Because if you show the code, then people can potentially take it, derive from it, build from it. So they would close the code, and then application would be able to find that closed source. Now, it's still, a lot of software gets built that's closed source, so that's fine. It's not like that's some kind of moral evil to close the source. But it does create challenges for innovation.
What open source was a movement that started around the time Linux came around. You know, Linux, you've heard of Linux. It's an operating system that is essentially why we have cloud computing today. Wow. It's this massive operating system that just now runs all the servers. Yeah. It's a pretty impressive kind of movement. And it's the reason AWS exists. It's the reason GCP exists.
Holy crap.
Absolutely. It's hugely impactful. So open source has been an extremely impactful social movement. And that's probably the way to describe it because, and I started participating in open source in the 90s, late 90s, when I was a graduate student. I'm kind of a geek at heart. I'm a science geek who loves physics and loves math and loves to kind of make things. And I need software to do it.

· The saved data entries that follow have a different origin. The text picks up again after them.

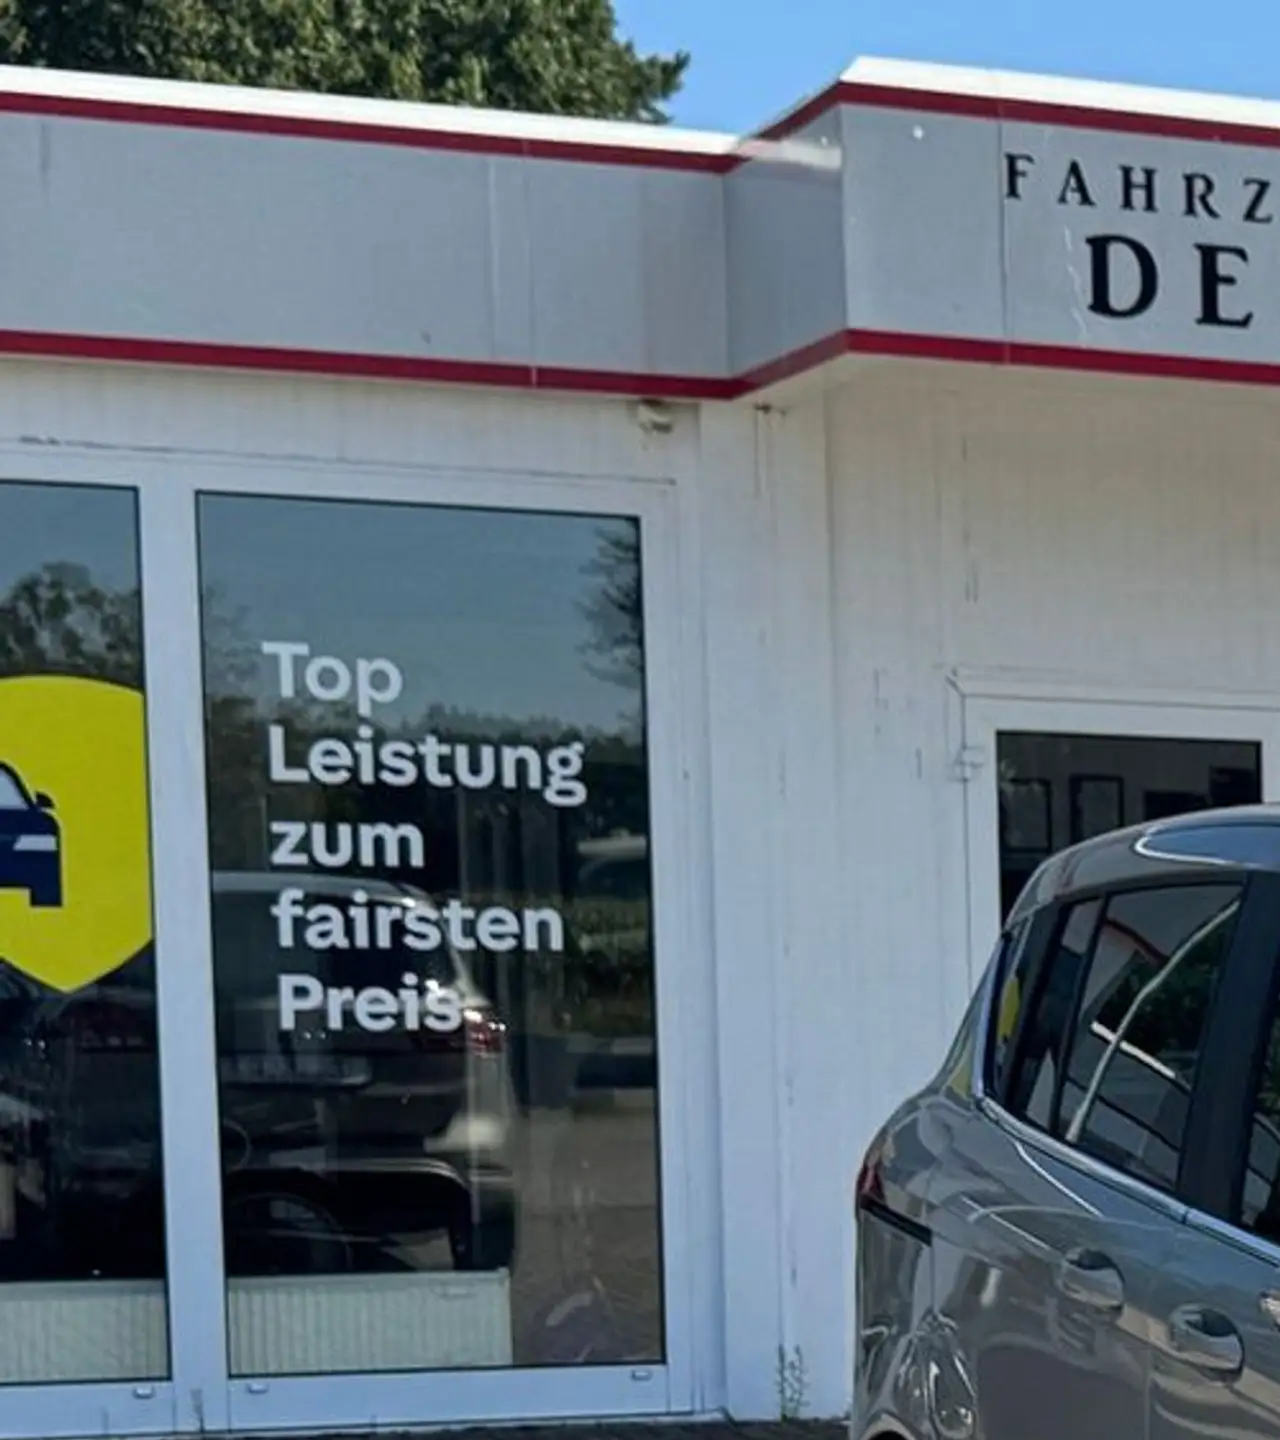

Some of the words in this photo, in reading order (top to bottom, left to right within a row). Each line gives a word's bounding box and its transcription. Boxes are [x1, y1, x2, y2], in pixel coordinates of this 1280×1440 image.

[262, 641, 403, 716] Top
[268, 724, 588, 807] Leistung
[270, 820, 425, 868] zum
[271, 890, 565, 952] fairsten
[278, 973, 464, 1033] Preis

And I wanted to, and so I got wrapped into this open source movement because I liked how when I did the work, I could share it with others. And that's essentially a lot of us. Millions of people have been pulled into this open source ecosystem sharing their code with each other. So it's kind of this interesting world that's emerged over the past 30 years where people share code.

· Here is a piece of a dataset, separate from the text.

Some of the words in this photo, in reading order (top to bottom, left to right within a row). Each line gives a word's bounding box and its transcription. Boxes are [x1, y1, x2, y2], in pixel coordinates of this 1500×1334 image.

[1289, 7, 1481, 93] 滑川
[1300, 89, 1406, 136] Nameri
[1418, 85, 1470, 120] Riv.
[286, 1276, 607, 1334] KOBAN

There's places that that code can be seen and people can build from it. there's lots of movements around that code. So open source is just this phenomenon of sharing your code, everyone can use it. Closed sources, you've got to license the code to use it, right? But open source, there's lots and lots of parallels.
We could have long conversations about what open source means, how it drives value, how do you make money from it? My story and what I'm doing now really starts there. I loved open source. I love the engagement that it created. I love the fact that I could share. People could comment. People could work with me. And I'd build a community. Love that. That's cool.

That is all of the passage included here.